In 1994, my parents were rear-ended while I was in the womb. My mom was rushed to the hospital in a flurry of panic for the unborn (look where we are now) - my father sustained a back injury that went virtually unnoticed in the commotion. He loves to remind people of that.
During my childhood, every year from New Year’s Eve into New Year’s Day there would be a Twilight Zone marathon on tv, channel 38 (no cable). I would binge endlessly, captivated by the irony, the curiosity, the humanity, the penchant for the uncanny. I recognized even then that each episode touched on the deepest truths of life and death, and of course, the space in between them.
To this day every time the camera clumsily and endearingly shifts over to Rod Serling’s unmistakable image, cig in hand, a literary Don Draper at his best, all I can hear in my mind is my dad mimicking his voice and inflection with emphasis. I wish I could write the sound of his impression into this essay so you could hear it. It’s pretty good.
My aunt Mary had a lengthy DVD collection, including all of the show’s seasons. I was never sure whether she had so many DVDs before Mattie got sick or because he got sick.

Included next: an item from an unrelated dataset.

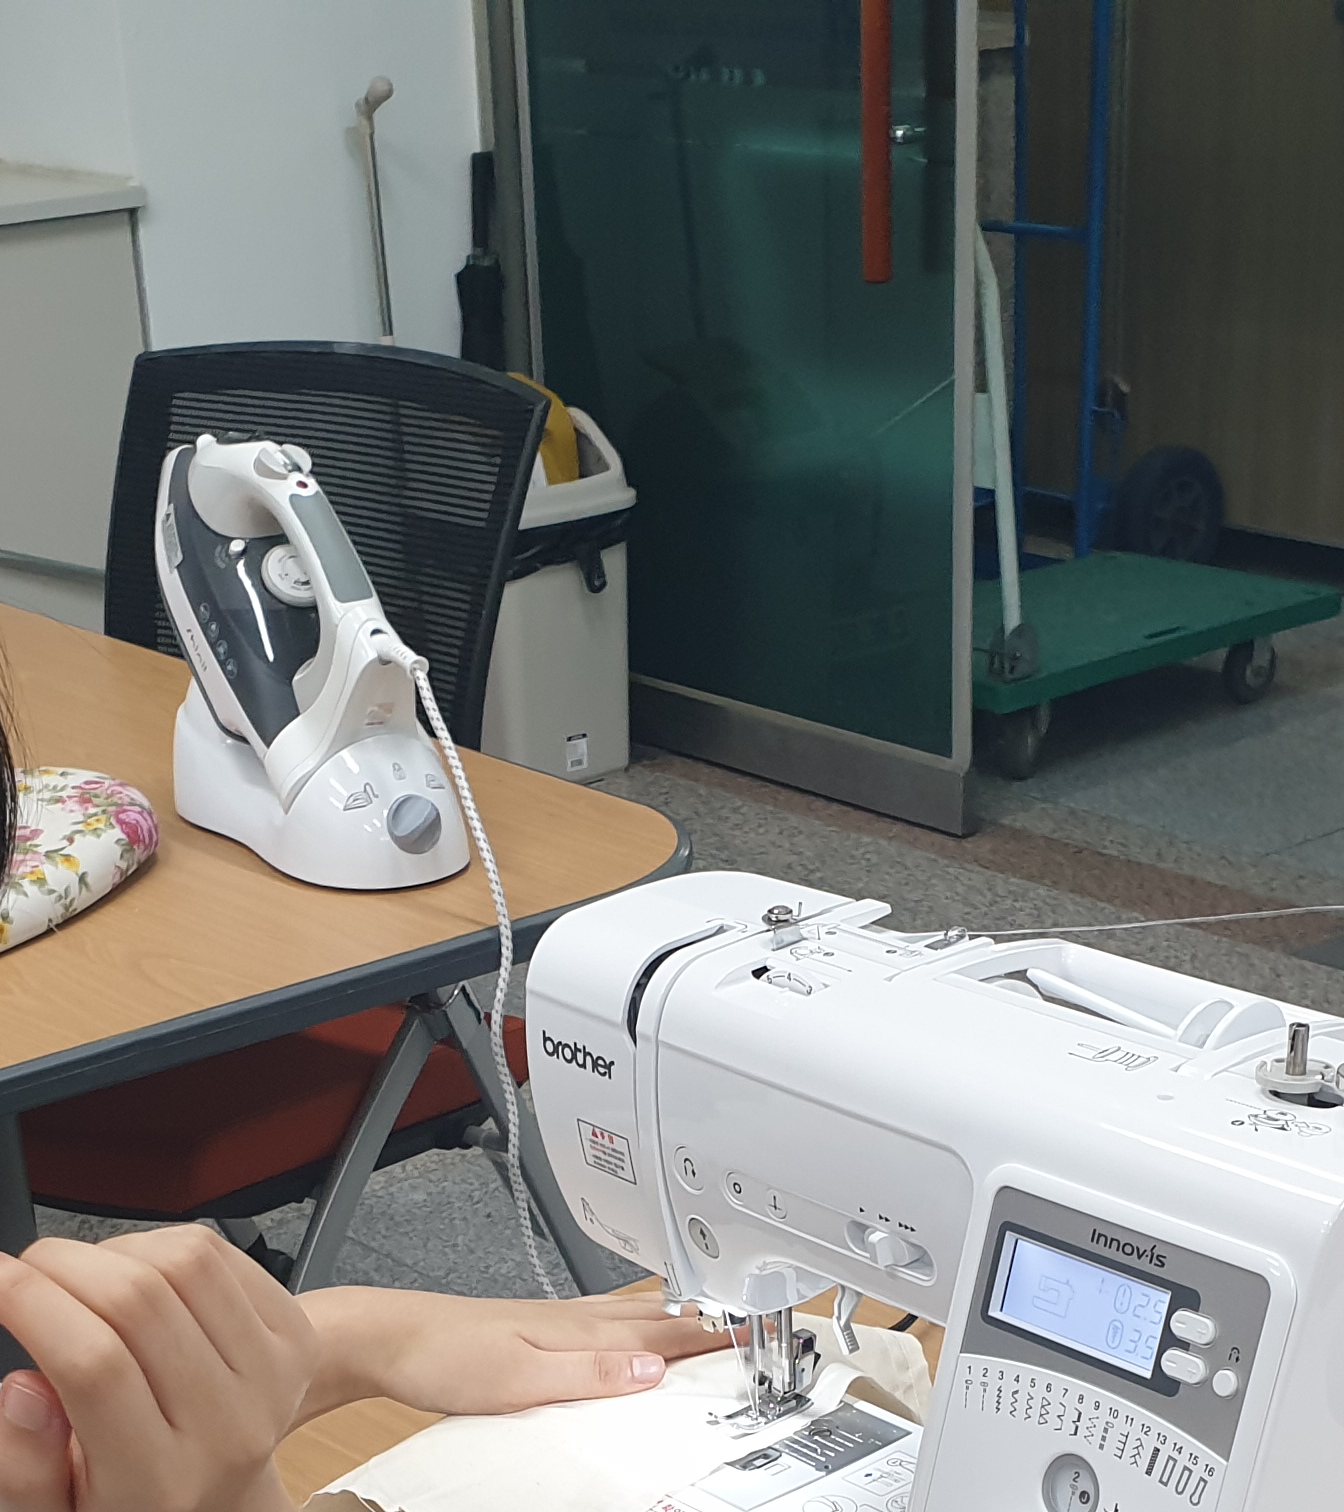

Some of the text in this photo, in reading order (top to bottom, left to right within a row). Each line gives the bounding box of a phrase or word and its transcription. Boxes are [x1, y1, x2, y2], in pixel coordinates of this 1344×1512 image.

[786, 972, 792, 982] 4
[542, 1029, 615, 1080] brother
[967, 1365, 1215, 1477] 1 2 3 4 5 6 7 8 9 10 11 12 13 14 15 16
[1072, 1471, 1080, 1483] 2

I suppose we were only on the cusp of the VHS to DVD transition when that particular manifestation of the in-between-ness of living and dying began to seed itself. (2000? 2001?)

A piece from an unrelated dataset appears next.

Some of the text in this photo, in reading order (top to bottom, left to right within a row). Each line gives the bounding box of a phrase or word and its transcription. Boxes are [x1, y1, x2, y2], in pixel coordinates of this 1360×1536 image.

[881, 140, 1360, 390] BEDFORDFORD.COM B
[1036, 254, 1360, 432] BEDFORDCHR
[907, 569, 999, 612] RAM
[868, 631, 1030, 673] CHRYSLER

My parents…being cheap, would borrow what they could as far as movies. We borrowed the Twilight Zone box set, and again I binged over those sweet indulgent winter breaks you still get in middle school when you don’t have a job yet but you’re old enough to stay home alone. As a child I found myself somewhat bored by the episodes about elderly life and 20th century wars - things I had little entry-point to relate to at the time. (“if it doesn’t involve me I just have to remove it”-Lauryn Hill in self-critique).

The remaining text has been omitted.